PROVIDED INFORMATION:
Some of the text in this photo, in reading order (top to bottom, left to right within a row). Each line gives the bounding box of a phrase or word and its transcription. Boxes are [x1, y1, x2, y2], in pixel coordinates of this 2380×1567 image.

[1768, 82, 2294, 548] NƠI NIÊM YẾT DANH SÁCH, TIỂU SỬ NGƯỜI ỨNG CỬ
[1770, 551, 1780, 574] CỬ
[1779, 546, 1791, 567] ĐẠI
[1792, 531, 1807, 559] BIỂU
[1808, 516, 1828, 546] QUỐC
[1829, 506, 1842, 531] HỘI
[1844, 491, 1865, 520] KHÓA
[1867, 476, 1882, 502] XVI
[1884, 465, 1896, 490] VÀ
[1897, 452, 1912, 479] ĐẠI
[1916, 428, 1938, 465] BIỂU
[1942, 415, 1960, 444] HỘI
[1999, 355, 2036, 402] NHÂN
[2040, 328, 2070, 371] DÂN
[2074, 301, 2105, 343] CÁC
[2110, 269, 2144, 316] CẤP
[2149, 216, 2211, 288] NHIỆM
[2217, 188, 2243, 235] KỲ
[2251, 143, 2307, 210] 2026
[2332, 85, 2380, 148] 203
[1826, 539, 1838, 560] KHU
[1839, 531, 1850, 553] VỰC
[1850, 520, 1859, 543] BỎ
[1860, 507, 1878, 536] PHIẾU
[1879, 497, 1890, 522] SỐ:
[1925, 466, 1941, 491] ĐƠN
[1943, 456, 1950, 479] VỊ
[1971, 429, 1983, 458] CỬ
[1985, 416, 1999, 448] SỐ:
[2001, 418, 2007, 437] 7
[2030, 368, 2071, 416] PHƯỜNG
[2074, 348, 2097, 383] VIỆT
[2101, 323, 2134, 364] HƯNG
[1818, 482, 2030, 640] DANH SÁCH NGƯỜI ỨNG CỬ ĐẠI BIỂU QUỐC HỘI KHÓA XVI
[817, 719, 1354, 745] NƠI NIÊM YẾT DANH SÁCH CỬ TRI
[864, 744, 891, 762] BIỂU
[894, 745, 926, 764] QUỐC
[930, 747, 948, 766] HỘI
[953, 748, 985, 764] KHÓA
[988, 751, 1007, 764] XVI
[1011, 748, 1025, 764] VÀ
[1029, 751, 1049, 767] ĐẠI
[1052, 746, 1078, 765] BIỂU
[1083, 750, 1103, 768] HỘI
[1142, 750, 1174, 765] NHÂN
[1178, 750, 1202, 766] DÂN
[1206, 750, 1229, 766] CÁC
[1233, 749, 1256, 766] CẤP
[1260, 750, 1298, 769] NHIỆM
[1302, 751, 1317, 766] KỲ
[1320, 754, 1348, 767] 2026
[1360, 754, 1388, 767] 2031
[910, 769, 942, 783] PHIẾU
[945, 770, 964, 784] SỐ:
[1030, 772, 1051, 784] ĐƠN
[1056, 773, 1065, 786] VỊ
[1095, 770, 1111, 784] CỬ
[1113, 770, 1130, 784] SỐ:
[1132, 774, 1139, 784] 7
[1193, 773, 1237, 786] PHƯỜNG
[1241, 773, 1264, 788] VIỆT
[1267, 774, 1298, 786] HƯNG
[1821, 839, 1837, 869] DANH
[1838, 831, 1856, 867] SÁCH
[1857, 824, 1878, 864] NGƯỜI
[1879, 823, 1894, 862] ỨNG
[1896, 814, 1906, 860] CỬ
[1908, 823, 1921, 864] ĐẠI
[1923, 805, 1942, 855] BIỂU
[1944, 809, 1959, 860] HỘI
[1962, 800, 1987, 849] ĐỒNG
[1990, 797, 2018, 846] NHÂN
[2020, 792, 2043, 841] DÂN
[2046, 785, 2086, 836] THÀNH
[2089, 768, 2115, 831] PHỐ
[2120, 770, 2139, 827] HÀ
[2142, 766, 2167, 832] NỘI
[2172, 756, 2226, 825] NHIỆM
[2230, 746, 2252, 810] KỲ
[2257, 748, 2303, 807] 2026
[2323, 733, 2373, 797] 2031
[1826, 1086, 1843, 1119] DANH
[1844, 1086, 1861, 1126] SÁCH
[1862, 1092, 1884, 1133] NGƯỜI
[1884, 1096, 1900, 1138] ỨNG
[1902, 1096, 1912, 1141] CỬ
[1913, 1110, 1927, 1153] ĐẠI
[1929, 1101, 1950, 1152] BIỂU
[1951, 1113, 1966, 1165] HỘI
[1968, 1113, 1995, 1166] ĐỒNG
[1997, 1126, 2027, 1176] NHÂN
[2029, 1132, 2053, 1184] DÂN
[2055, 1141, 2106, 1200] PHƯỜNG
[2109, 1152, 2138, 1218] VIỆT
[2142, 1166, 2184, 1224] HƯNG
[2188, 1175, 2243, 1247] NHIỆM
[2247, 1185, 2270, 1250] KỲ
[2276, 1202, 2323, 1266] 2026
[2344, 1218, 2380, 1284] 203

HOW TO COMPLETE THIS TASK:
Only lines that contain "NHIỆM" are needed, so copy each of them from the data.

THE COMPLETED TASK:
[2149, 216, 2211, 288] NHIỆM
[1260, 750, 1298, 769] NHIỆM
[2172, 756, 2226, 825] NHIỆM
[2188, 1175, 2243, 1247] NHIỆM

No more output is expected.